The Fixer Upper

Stephen M. Tomic
The Junction
Published in
4 min readFeb 5, 2018
Source

My buddy Phil Ryarson bought an old house with the intention of fixing it up one day. He told me he had a vision and a dream. The problem is that he was broke as a joke and never had enough money to do anything he had planned. He lived from week to week and paycheck to paycheck, and subsisted on Taco Bell breakfast burritos more than he was willing to admit.

His plans for the house were essentially modest in scope. He wanted to redo the kitchen and upgrade the bathroom. The living room had a carpet that looked like it was from 1977 and didn’t match well with a 55-inch flat screen TV. The yard was an overgrown jungle littered with desiccated piles of dog crap that would turn to dust the moment anyone stepped on them. The basement was furnished with a semi-stocked bar and a fold-out table with metal fold-out chairs for when me and some of our friends came by to play poker or spades. The walls were covered with thin wood paneling and a mounted deer head. It was like a home away from home.

One Saturday after work, Phil decided to strip the wallpaper in the kitchen so he could paint it all blue. He immediately ran into problems. There were about seven layers of wallpaper, nearly thicker than the wall itself. He got to work scraping away layer after layer. He loved when he scored a long strip of paper. As he made his way around the room, he stopped every hour or so for a fresh can of PBR he kept on ice in a cooler on the floor. He called me up asking if I wanted to help. I said I’d be by in a bit, since I knew I’d be paid in beer.

“What a mess,” he said as we approached the fridge. As we peeled away more paper — shades of vermillion, fuchsia, a flower fest in beige — we came upon a false panel that had been plastered in place god knew how many years before.

“Now what the shit is this?” he said. We started to chisel away at the plaster with a screwdriver.
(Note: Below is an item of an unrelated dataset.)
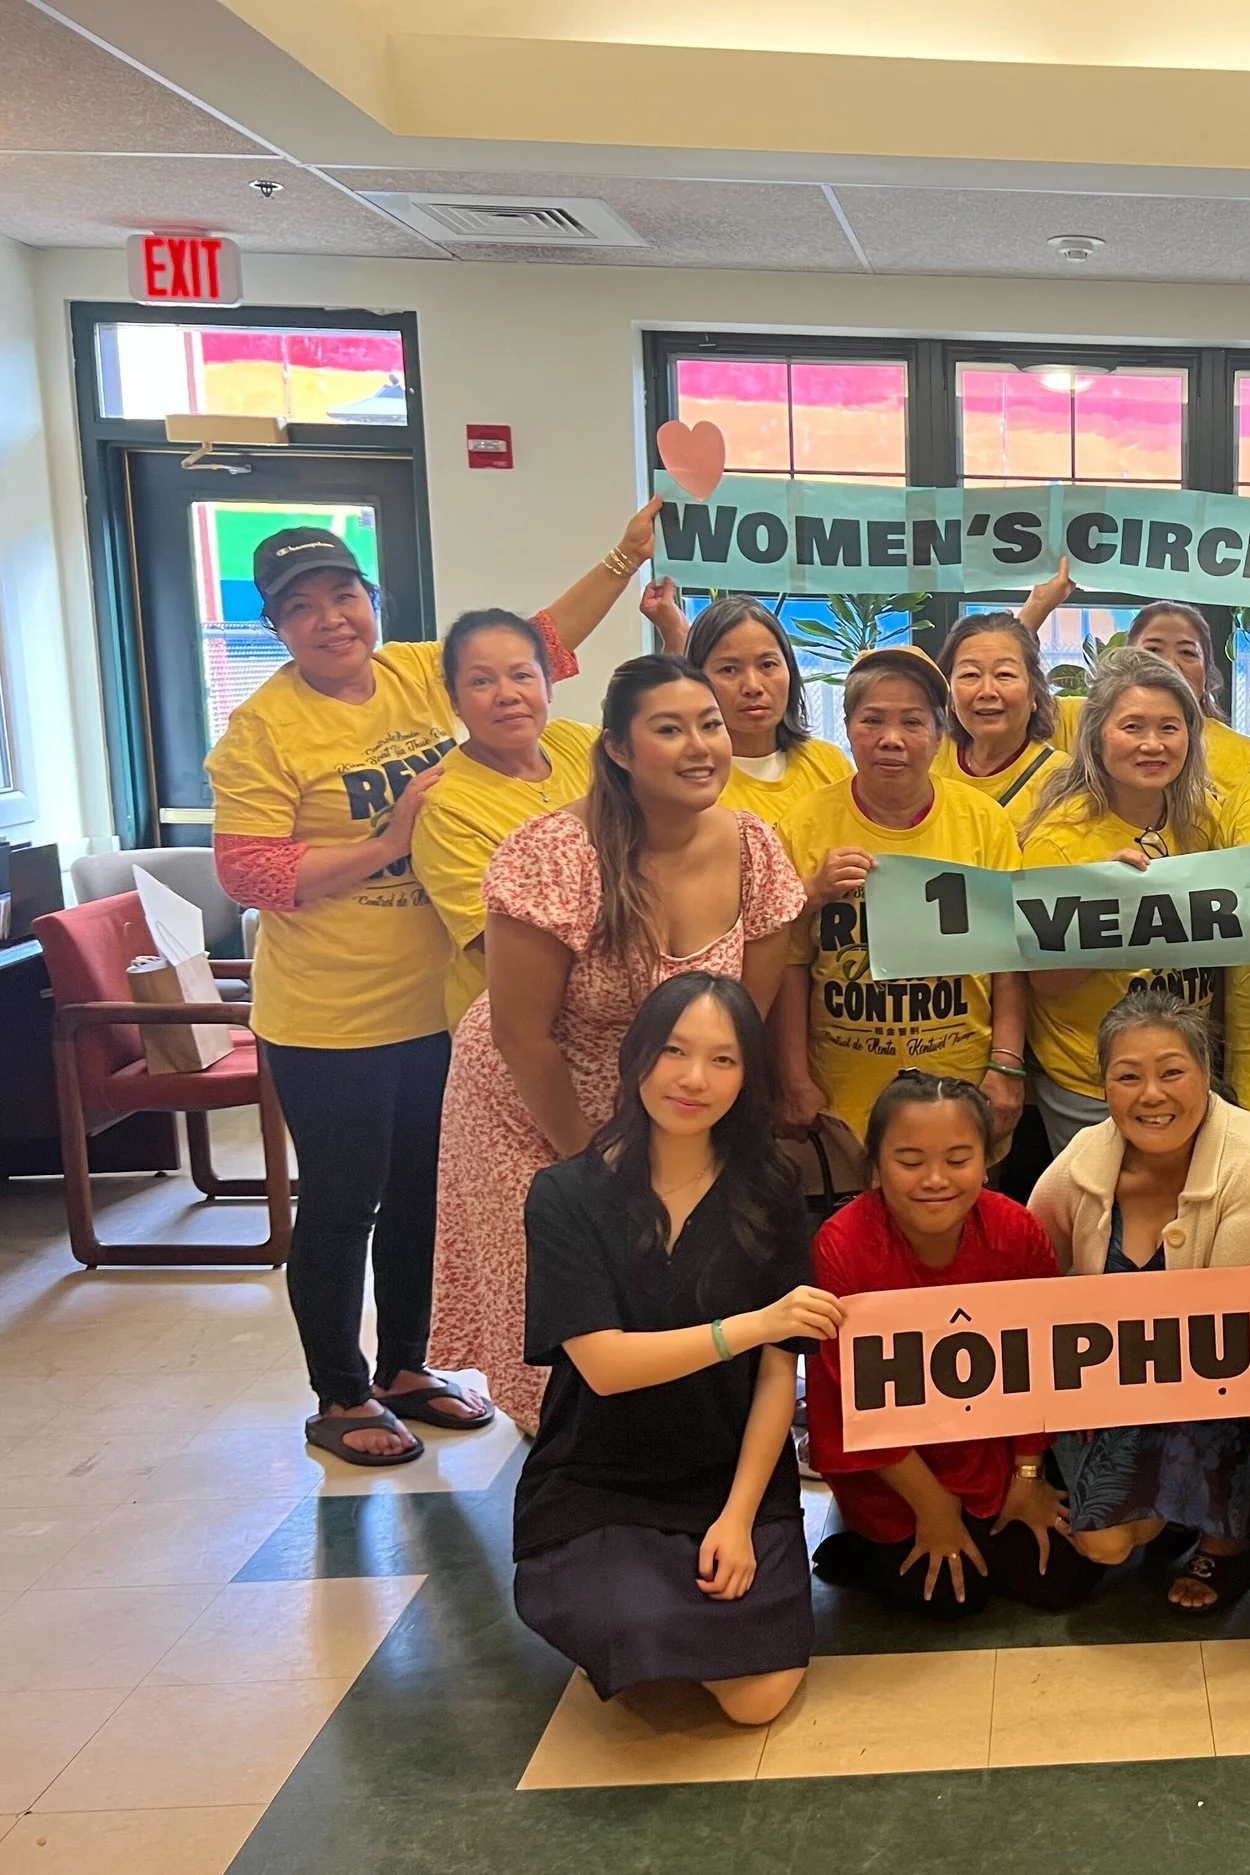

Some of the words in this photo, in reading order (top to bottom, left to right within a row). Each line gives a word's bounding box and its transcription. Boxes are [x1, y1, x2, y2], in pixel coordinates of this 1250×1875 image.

To get better access we decided to move the fridge, which looked as if it’d been there since the dawn of time. A perimeter of rust marked where it had been on the vinyl floor. Dozens of ants scurried away.

“That looks like a problem,” I said.

“We’ll get to that in a bit. Let’s find out what we got behind here.”

Once we had chipped away most of the plaster, we saw how close Phil had come to killing himself. A thick black conduit of wiring led down through the floor.

“Sweet baby Jesus,” he said aloud, removing his White Sox hat caked with a yellow rim of sweat around the brim. “That there’s a live wire.”

His house was starting to remind us of The Money Pit. We reenacted that scene when the kitchen catches ablaze and the turkey flies across the mansion like a Hail Mary. “Looks like we’re gonna have to replace this wall. Let’s move the fridge back for now. I don’t feel like messing with that. ”

After calling it a day, we went downstairs to the basement where it was cooler and cracked more beers. A ballgame was on TV. I sat on the futon while Phil kicked back in an old pleather recliner that looked like a dog had had for a snack. He called his dad to complain that he had bought a lemon. After he hung up, a loud splintering groan came from above, shaking the foundation of the house.

“Ugh, what now?” he moaned. He started to get up from his chair.

“You can stay put,” I offered, jumping to my feet. “I’ll go check it out.” I bounded up the wooden stairs two at a time to the kitchen.

“Ya see anything?” Phil called.

I took a quick look around for anything amiss.

“All clear up here!” I yelled.

At that, the fridge crashed through the floor.

Phil!”

I peered down through the gaping hole, expecting the worst. Phil stood beside the crumpled fridge that had destroyed his old chair.

“You have got to be kidding me,” he said, shaking his head with a look of wonderment. At that, we both started to laugh. And then, Phil cried.